_Work to be completed_
The records that follow must be repeated exactly, except for their pictures.
((
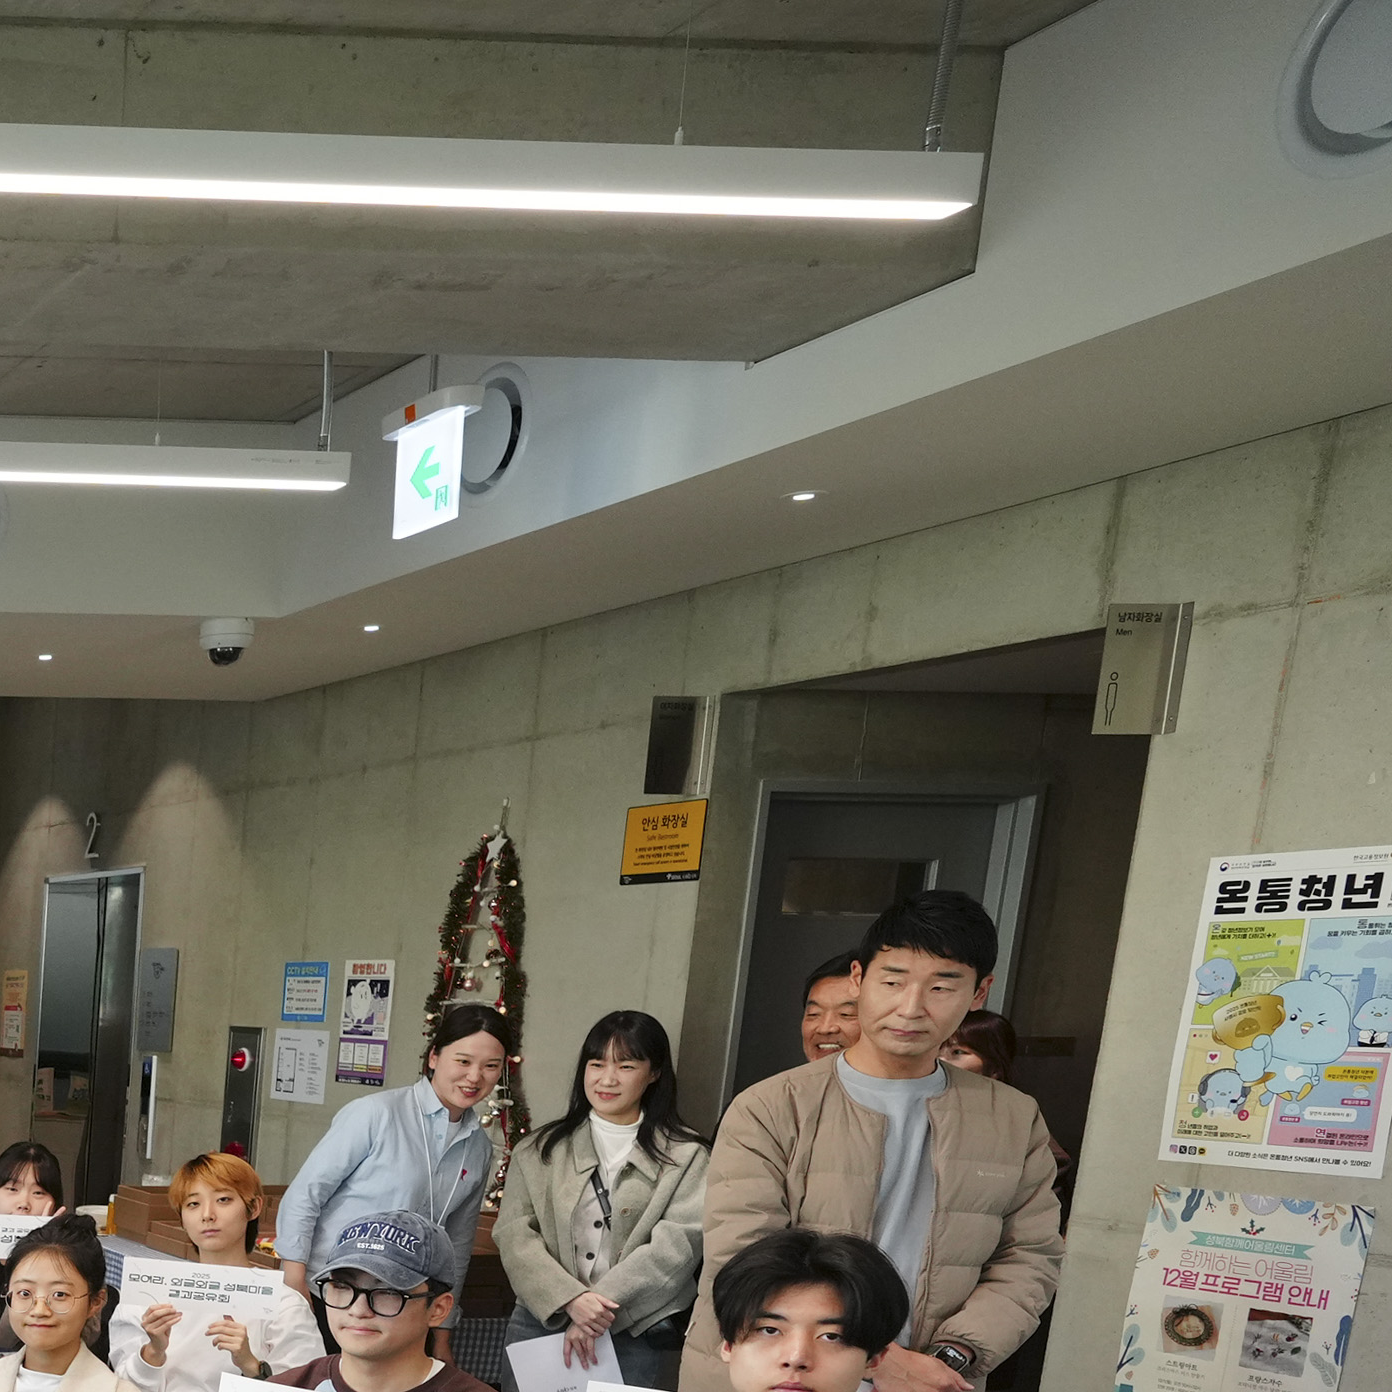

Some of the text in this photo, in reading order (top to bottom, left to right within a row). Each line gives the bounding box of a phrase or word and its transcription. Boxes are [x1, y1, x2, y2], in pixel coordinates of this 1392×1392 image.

[1118, 612, 1163, 623] 남자화장실
[1116, 628, 1133, 636] Men
[642, 813, 689, 832] 안심 화장실
[1214, 871, 1385, 916] 온통청년
[1205, 1235, 1296, 1256] 성북함께어울림센터
[1179, 1249, 1314, 1284] 함께하는 어울림
[129, 1273, 274, 1296] 모여라. 와글와글 성북마을
[192, 1272, 211, 1280] 2025
[168, 1289, 231, 1304] 결과공유회
[1162, 1267, 1331, 1311] 12월 프로그램 안내
[1166, 1359, 1199, 1372] 스트링아트
[1248, 1374, 1283, 1387] 프랑스자수
))
_Response_
Some of the text in this photo, in reading order (top to bottom, left to right within a row). Each line gives the bounding box of a phrase or word and its transcription. Boxes are [x1, y1, x2, y2], in pixel coordinates of this 1392×1392 image.

[1118, 612, 1163, 623] 남자화장실
[1116, 628, 1133, 636] Men
[642, 813, 689, 832] 안심 화장실
[1214, 871, 1385, 916] 온통청년
[1205, 1235, 1296, 1256] 성북함께어울림센터
[1179, 1249, 1314, 1284] 함께하는 어울림
[129, 1273, 274, 1296] 모여라. 와글와글 성북마을
[192, 1272, 211, 1280] 2025
[168, 1289, 231, 1304] 결과공유회
[1162, 1267, 1331, 1311] 12월 프로그램 안내
[1166, 1359, 1199, 1372] 스트링아트
[1248, 1374, 1283, 1387] 프랑스자수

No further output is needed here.